Position: Manager, product design
Publisher: Philadelphia Inquirer
Location: Philadelphia
Posting still up? Yes
Years of experience required: “10+ years experience in digital product design, including experience leading or coaching designers”
Salary range: N/A
From the description:
The Philadelphia Inquirer is looking for a Manager, Product Design to lead a team of designers creating thoughtful, reader-centered experiences across Inquirer.com, our mobile apps, newsletters, and emerging platforms.
This is a hands-on, coaching-focused role. You’ll help designers do their best work through clear feedback, strong project guidance, and close partnership with product and engineering. You’ll set a high bar for quality and process, and you may jump in directly on important projects when needed.
Reporting to the VP, Product, you’ll work closely with product management, user research, engineering, newsroom leadership, sales, and consumer marketing to improve subscriber growth, engagement, and retention.
Position: Assistant manager, content and AI innovation
Publisher: South China Morning Post
Location: Hong Kong
Posting still up?
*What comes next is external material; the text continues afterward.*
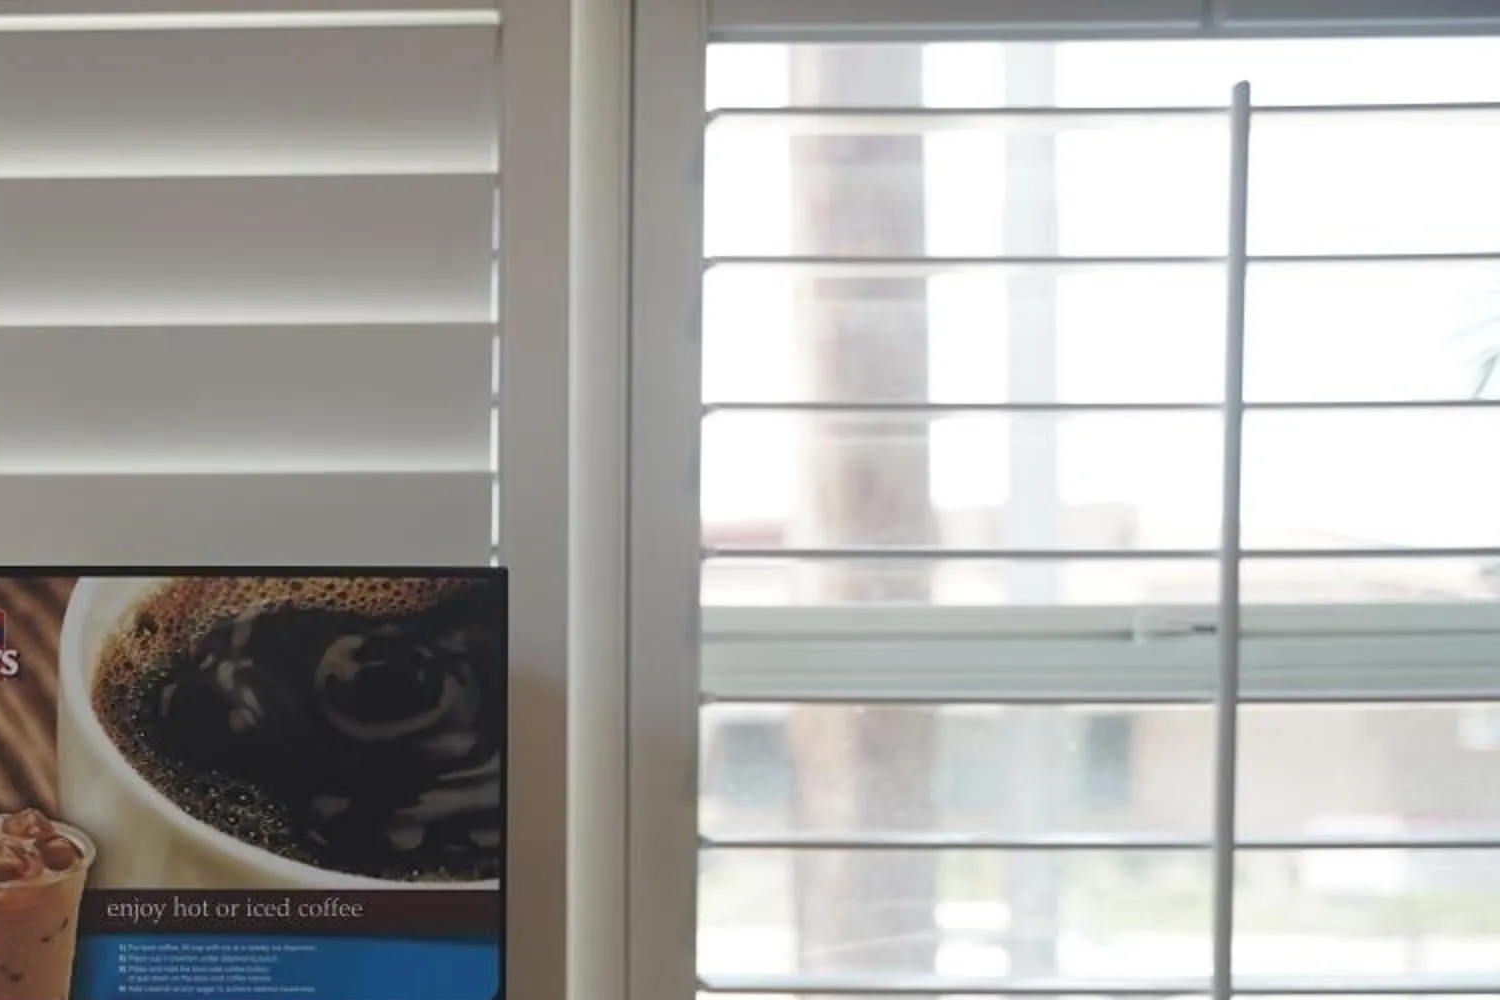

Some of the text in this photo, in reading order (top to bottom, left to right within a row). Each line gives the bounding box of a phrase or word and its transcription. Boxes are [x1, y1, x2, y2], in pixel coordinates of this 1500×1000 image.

[107, 895, 365, 923] enjoy hot or iced coffee
No
Years of experience required: N/A
Salary range: N/A
From the description:
The Assistant Manager (Content & AI Innovation) is a hybrid role dedicated to empowering the newsroom through artificial intelligence, automation, and data-driven growth strategies. You will bridge the gap between editorial needs and technical execution — designing, building, and deploying AI “agents,” automation workflows, and even non-AI skillsets to boost productivity and efficiency aligned with professional and quality journalism.
Position: Technical product manager
Publisher: The Sun
Location: London
Posting still up? No
Years of experience required: N/A
Salary range: N/A
From the description:
Working in the Sun product team, you will be responsible for our core platform and innovation initiatives. You will own the strategy and development for the foundational, shared technologies that power our entire digital estate, ensuring they are robust, scalable and enable other product teams to deliver value faster. Additionally, you will be our champion for innovation, tasked with exploring, prototyping and integrating new technologies and techniques. This includes investigating how AI can support our future plans and how our newsrooms can leverage new tools to drive efficiencies, ensuring The Sun stays at the cutting edge of digital media.